NEW YORK (Reuters Health) – Vitamin D and calcium supplements taken together in low doses offered no protection against dementia in a large U.S. study of older women, but scientists are still holding out hope for vitamin D alone.


Past research has suggested that vitamin D might protect against memory loss and overall functional decline in the aging brain. But more than 2,000 women in the new study who took 400 international units of vitamin D and 1,000 mg of calcium daily for an average of eight years developed cognitive impairments at the same rates as a comparison group on placebo pills.












During the many years that study was ongoing, however, experts gained a better understanding of how calcium and vitamin D might have conflicting effects, so the combination of the two might explain the disappointing results, the study’s authors say.


“I think the definitive study will just look at the effects of vitamin D,” said lead author Dr. Rebecca Rossom, from HealthPartners Institute for Education and Research, a nonprofit arm of a health maintenance organization (HMO) based in Minneapolis.


But this study is important because it “gets closer to how women take vitamin D now,” as a way build bone density, Rossom added.


Her team’s report, which is published in the Journal of the American Geriatrics Society, is also the first to use the rigorous approach known as a randomized, double-blind trial with a placebo group to look at the possible effects of vitamin D and calcium on cognitive decline.


Rossom and her colleagues analyzed data on 4,100 women who were simultaneously enrolled in two trials, including the Women’s Health Initiative (WHI) Calcium and Vitamin D trial that ended in 2005, and a WHI memory study.


All of the women, who averaged 71 years old at the outset of the studies, were also free of cognitive problems to start.


Half of the women were assigned to take the supplements and the rest were given identical looking dummy pills.


Ultimately, about 100 women, or five percent, in each group developed mild cognitive impairment – a term that can include everything from memory trouble to the serious dementia found in Alzheimer’s disease.
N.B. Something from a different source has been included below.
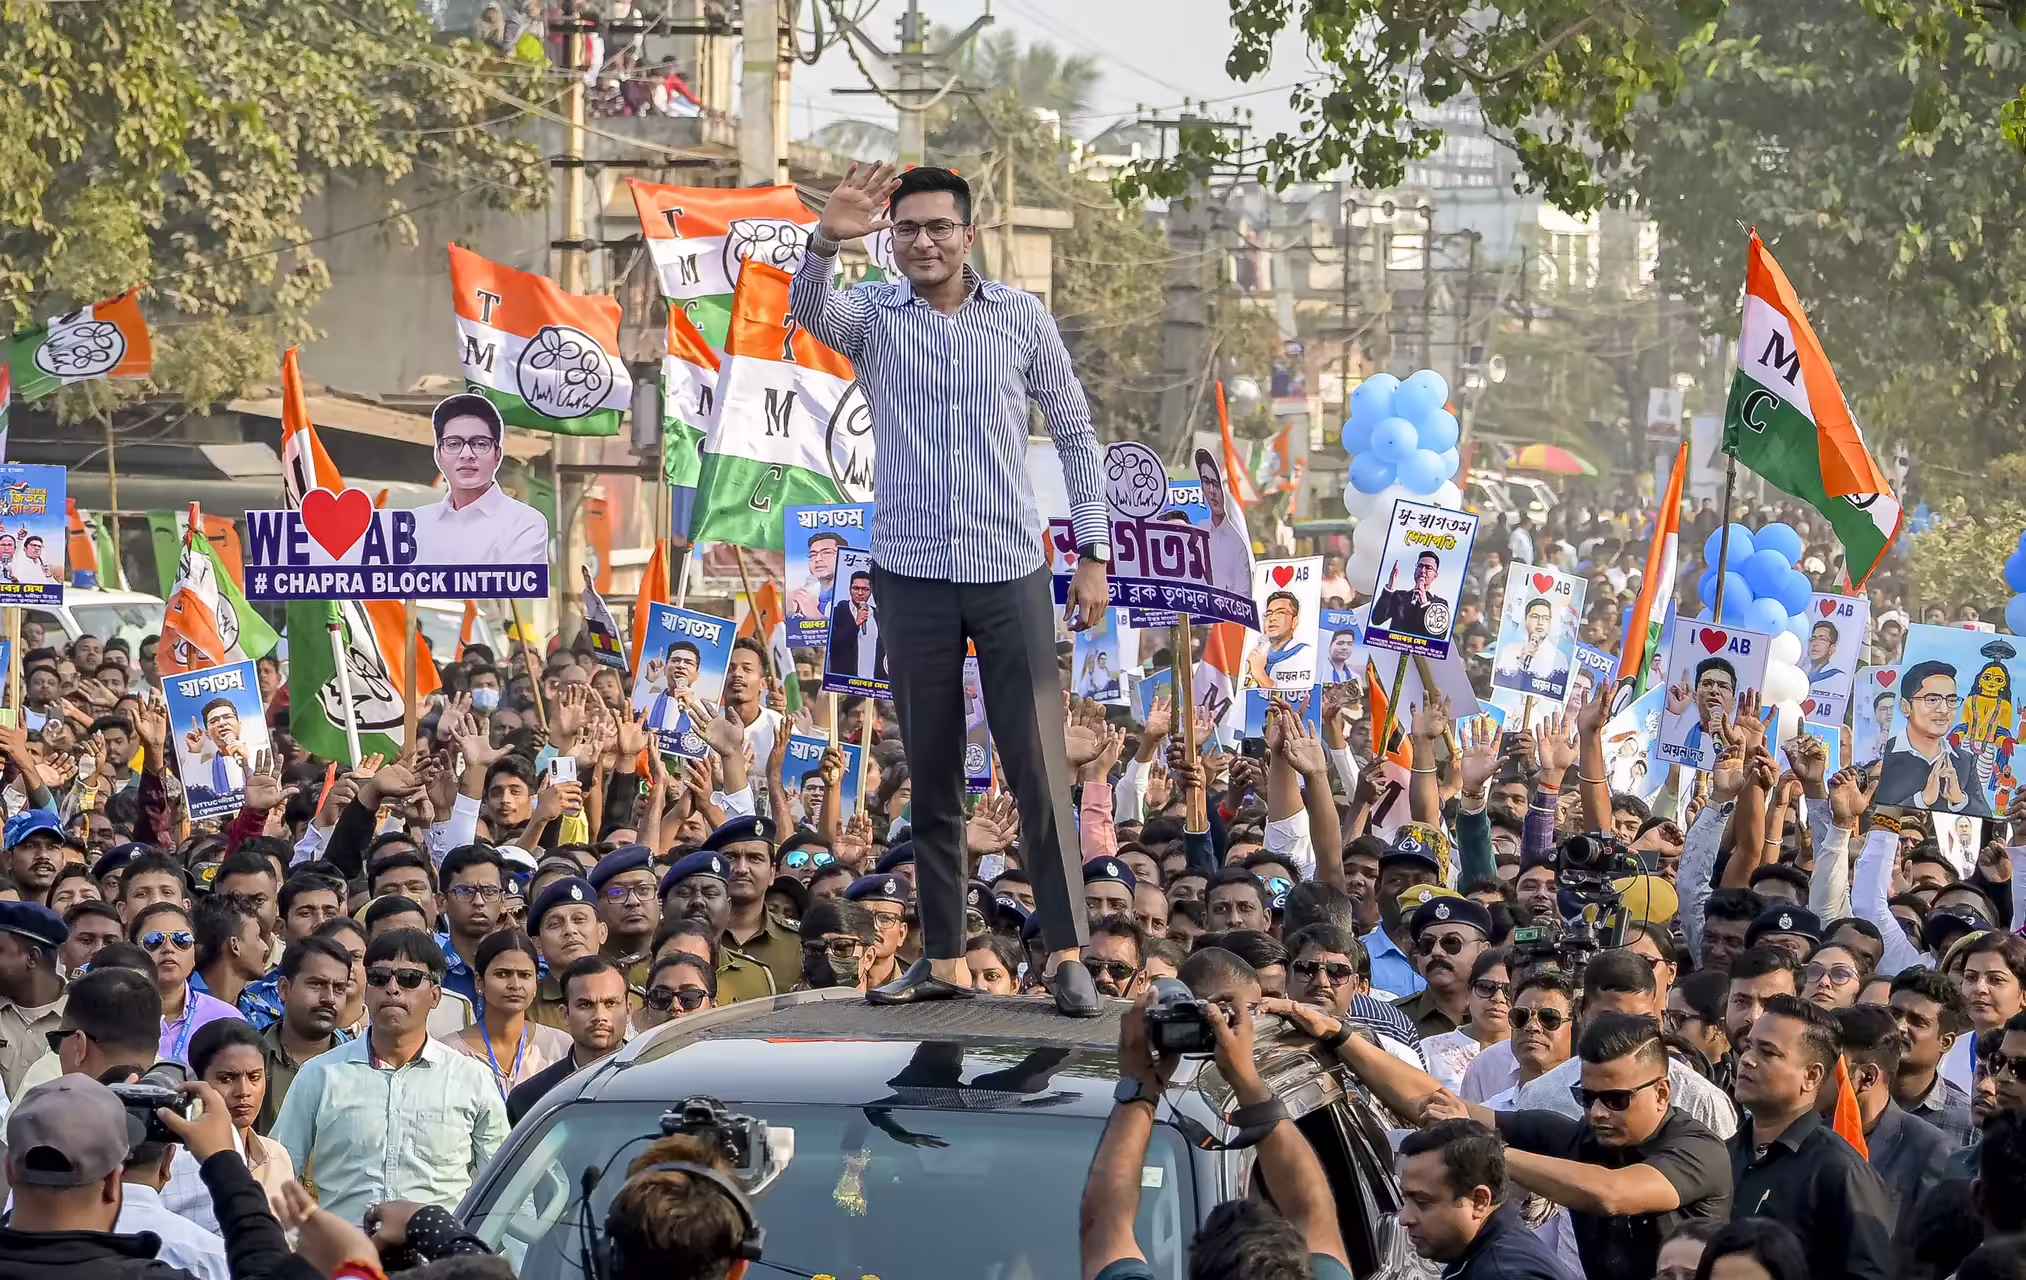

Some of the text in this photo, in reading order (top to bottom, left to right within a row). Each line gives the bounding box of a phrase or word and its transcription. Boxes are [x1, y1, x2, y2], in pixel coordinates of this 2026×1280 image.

The researchers note that since the study ended, guidelines on vitamin and mineral intakes have changed. Currently the U.S. Institute of Medicine suggests getting 600 IUs per day of vitamin D for men and women up to age 70, and 800 IUs for older people. Suggested calcium amounts range from 700 mg to 1,300 mg per day, based on age, with an upper limit of 3000 mg. In both cases, intake recommendations cover both food and supplement sources.


So, the authors point out, their findings are specific only to the assigned amounts of vitamin D and calcium taken by women in the study – which are relatively low by today’s standards.


More than 16 million Americans suffer from some form of cognitive impairment, according to the U.S. Centers for Disease Control and Prevention, and the problem is expected to grow as more baby boomers age. Vitamin D might still be viewed as potentially offering a measure of protection against a condition with no formal treatment, if its effects can be decisively demonstrated.


“The sum of information shows conflicting evidence,” said Katherine Tucker of Northeastern University, who was not involved in the current study.


“Some recent studies suggest that too much calcium could have negative effects. The preponderance of evidence shows that vitamin D is protective, but some studies have shown no effect,” she told Reuters Health.


But, Tucker said, “This study by no means closes the door on the need for more research to clarify vitamin D’s effects.”


Rossom’s team acknowledges their study’s limitations. In addition to the doses of supplements in the trial, the results are strictly limited to women, who were mostly white. Also, older age is a significant risk factor for dementia and the study participants, by comparison, were relatively young.


“The next step is to test a higher dose of vitamin D,” said study coauthor JoAnn Manson of Harvard Medical School. “Higher doses will bring a study population to an achieved blood level that has been associated with reduced risk of cognitive decline in (past) studies.”


Manson is currently leading a large clinical trial designed primarily to look at the effects of vitamin D and omega-3′s on cancer risk, but the study will also monitor cognitive function. Results are expected in 2017.


A French study slated to finish next year is examining the cognitive effects of vitamin D versus a placebo in patients who already have Alzheimer’s disease.


“The bottom line is that we still just don’t know,” Tucker told Reuters Health. “We’re in the process of gathering more scientific evidence and will need to continue to do so until more studies point in a certain direction.”


SOURCE: http://bit.ly/VCIs9H Journal of the American Geriatrics Society, online November 23, 2012.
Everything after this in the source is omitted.